Generally speaking, there are recurring problems across these five songs, with the most fatal being grueling repetition. It is like the band wrote small pieces of music and then copied and pasted chunks of recordings over and over again until they filled up a 20 minute song/movement. This issue plagues almost the entire album, but a very obvious example of this lazy copy-and-past repetition is in “Industrial Heavy” at around 9:30-10:30 where an uneven cymbal hit repeats around a billions times. Speaking of the drumming, its pretty damn awful. Without any real sense of rhythm, a lot of the repetitive beats feel like something a guitar player would come up with. They accent the underlying music rather than establishing a pulse; downbeat, backbeat, or otherwise. The strongest track, “Acoustic Weirdness,” also has no percussion.

The next big problem is the approach to lead melodies throughout the album. Essentially they are random and very chromatic, as if someone was trying to emulate Slayer solos but didn’t have the ability to hit notes clearly or play with that kind of overflowing speed. Most often this is with a lead guitar, but it also happens with electronic noises, flutes, harmonica, and what might be sound effects from Lost in Space. Danger, Will Robinson! Even though metal has a lot of aimless melodies used to great effect, they fall short here because they just sit on top of the ctrl+c ctrl+v song structures. This is illuminating because the more orthodox and heavy parts of the album highlight why the random and chaotic bits still sound so very flat, i.e. the excess repetition.



What then makes this album mediocre instead of completely terrible? Qualeaceans have some interesting and excitingly fresh ideas, even if they are over stretched across long troughs of compositional laziness dressed up as experimentation. In more optimistic terms, this could have been a fairly compelling EP with the proper editing. The undeniable value of music like this is how it can discover new sounds, which from a music lover’s standpoint is nothing less than thrilling. Take for example the fascinating mood in “Silly Noises”at about 28:00. Drawn out echoes with a tremolo picked lead underneath, which later gives way to ominous tremolo bass notes. Pretty damn cool.

The central highlight though is the “Acoustic Weirdness” portion of the album, where unsettling clean leads echo behind bizarre lyrics. The vocal approach here differs from the mundane approaches elsewhere. They are spoken word, but done as if the speaker had no prior experience with English. Syllables are softly accented in unusual ways, feeling more like an alien accent than a foreign one. Its a very intriguing mood, and lines about stimulating erogenous zones are so odd that they actually amplify the overall feeling. Most importantly, the tempo and energy levels vary here and that allows this movement to escape the repetition problems on the rest of the album.

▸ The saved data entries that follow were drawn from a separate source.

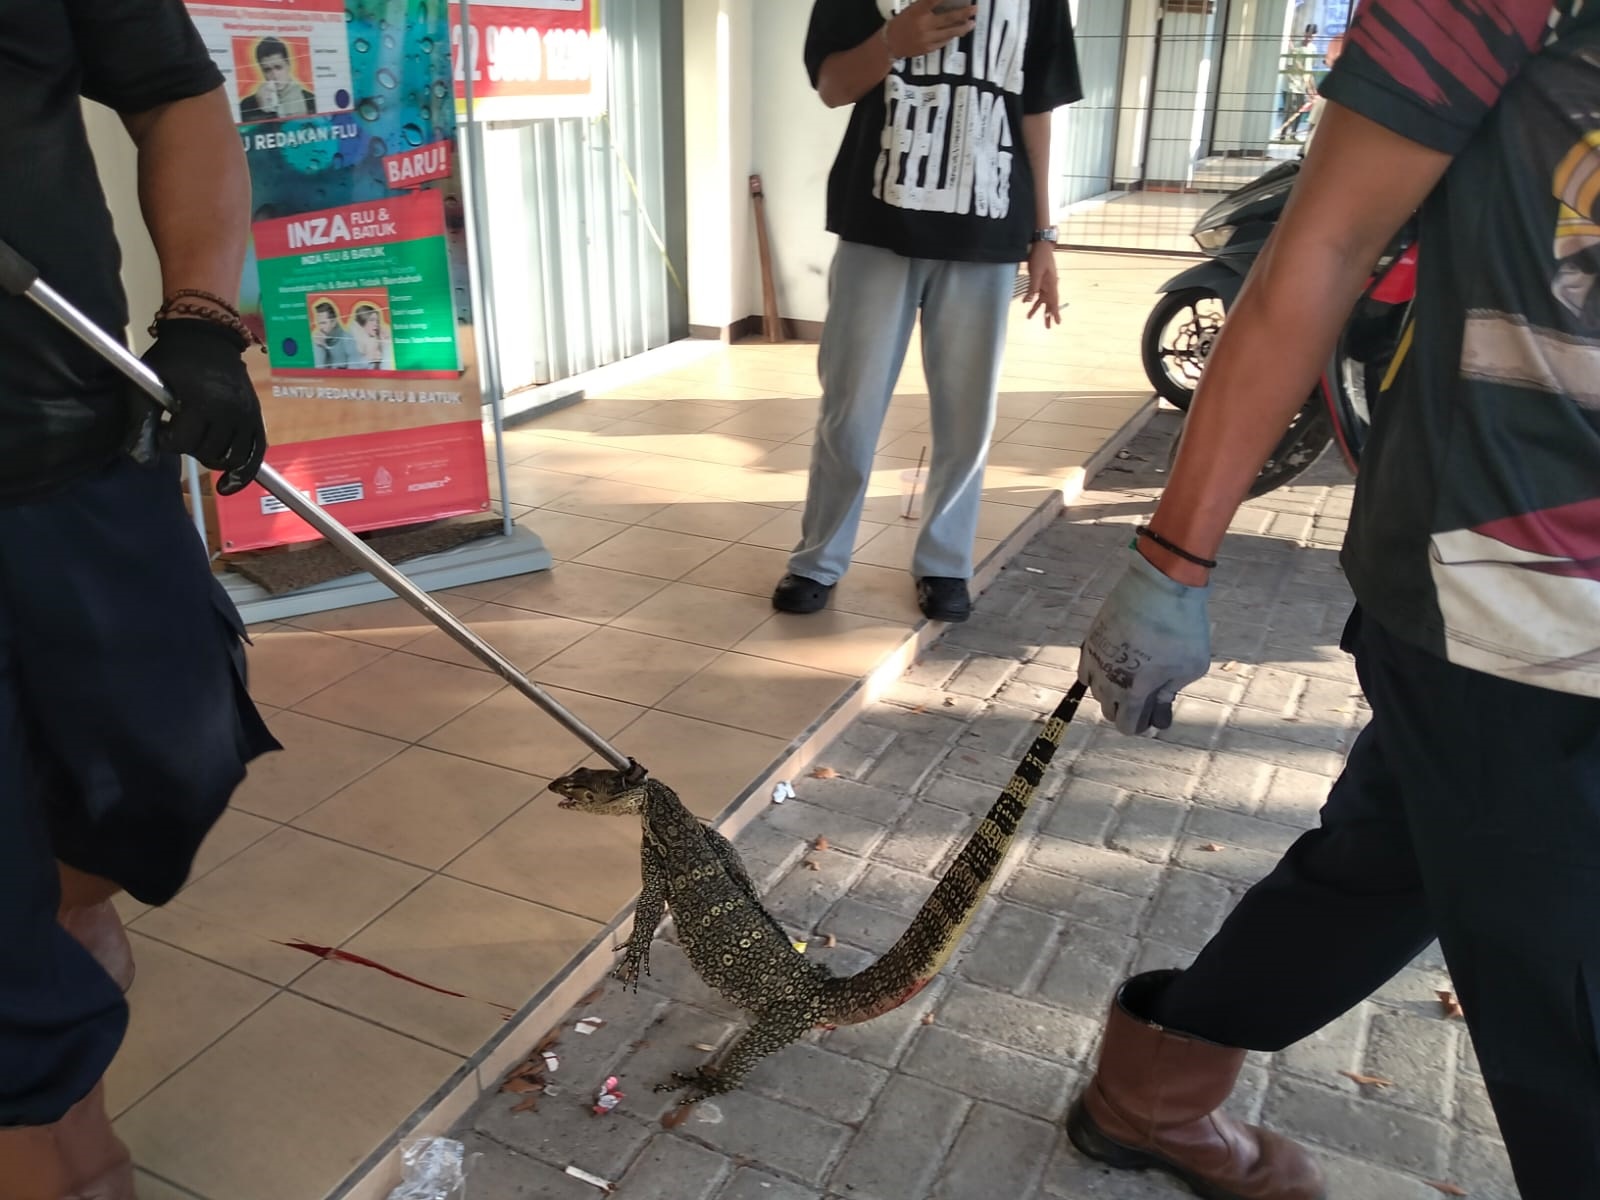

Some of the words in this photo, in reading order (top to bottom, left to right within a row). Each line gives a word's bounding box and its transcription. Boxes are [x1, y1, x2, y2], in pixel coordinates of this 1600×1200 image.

[254, 127, 328, 151] REDAKAN
[331, 124, 358, 140] FLU
[387, 147, 448, 183] BARU!
[351, 209, 376, 225] FLU
[378, 208, 390, 222] &
[287, 214, 351, 248] INZA
[351, 222, 398, 240] BATUK
[351, 247, 386, 260] BATUK
[272, 386, 314, 399] BANTU
[316, 387, 376, 401] REDAKAN
[379, 389, 405, 403] FLU
[418, 391, 463, 405] BATUK
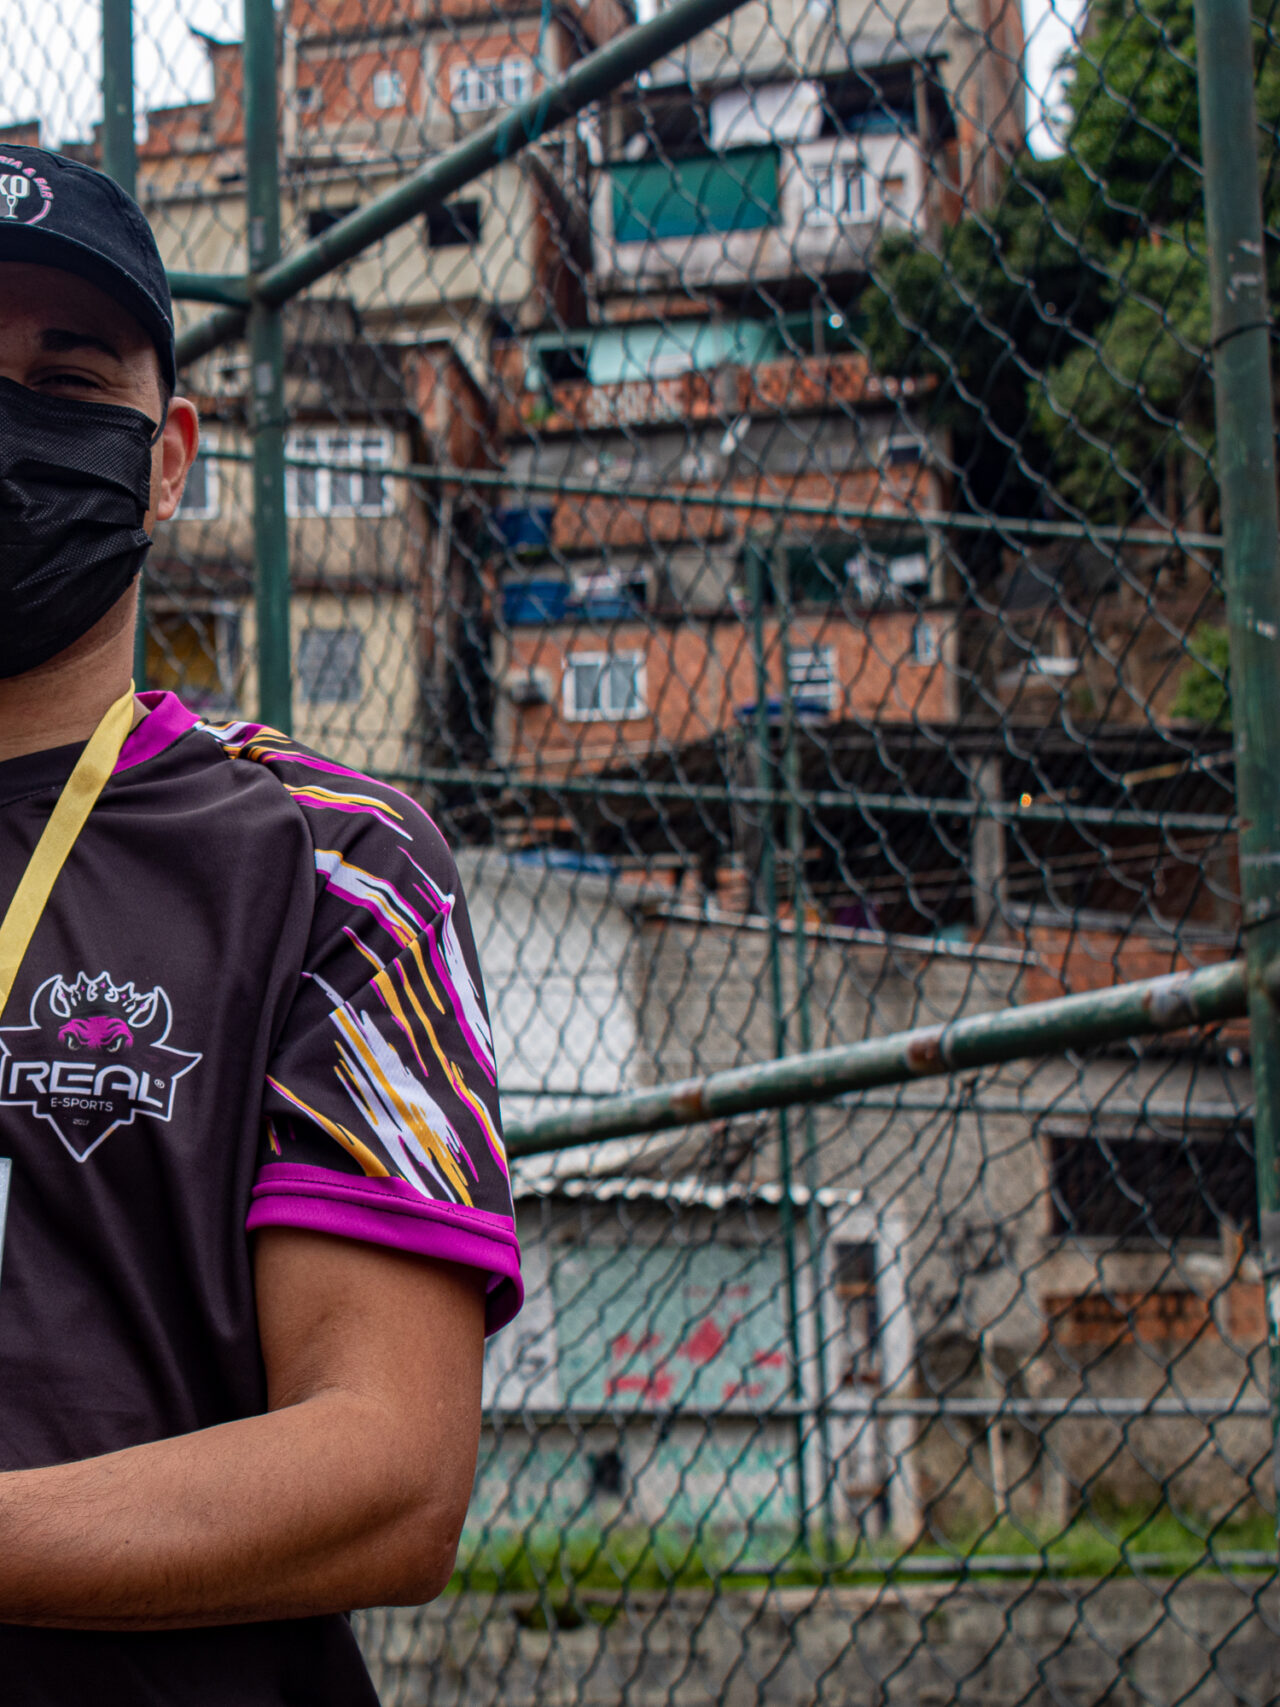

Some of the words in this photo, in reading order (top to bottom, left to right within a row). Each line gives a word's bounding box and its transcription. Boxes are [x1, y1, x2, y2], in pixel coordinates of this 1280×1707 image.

[32, 177, 54, 199] BAR
[8, 1060, 163, 1109] REAL
[50, 1096, 114, 1112] E-SPORTS

Still, the interesting bits aren’t enough to save the album. Although only a few of the silly noises are unbearable enough to be overly irritating, it ends up being a question of repetition tolerance. Sure, budding creativity is often promising, which is why a band like Qualeaceans making a mediocre album probably has a brighter future than bands releasing similar quality stuff while only emulating their influences. Overall though, it isn’t the kind of album one would want to revisit after really digesting it. Moreover, the songwriting problems are severe enough that the band has a long long way to go. Like the modern art wing of the museum, “Capture of Ziz” may be worth poking your head in for a quick look, but your time is probably better spent elsewhere.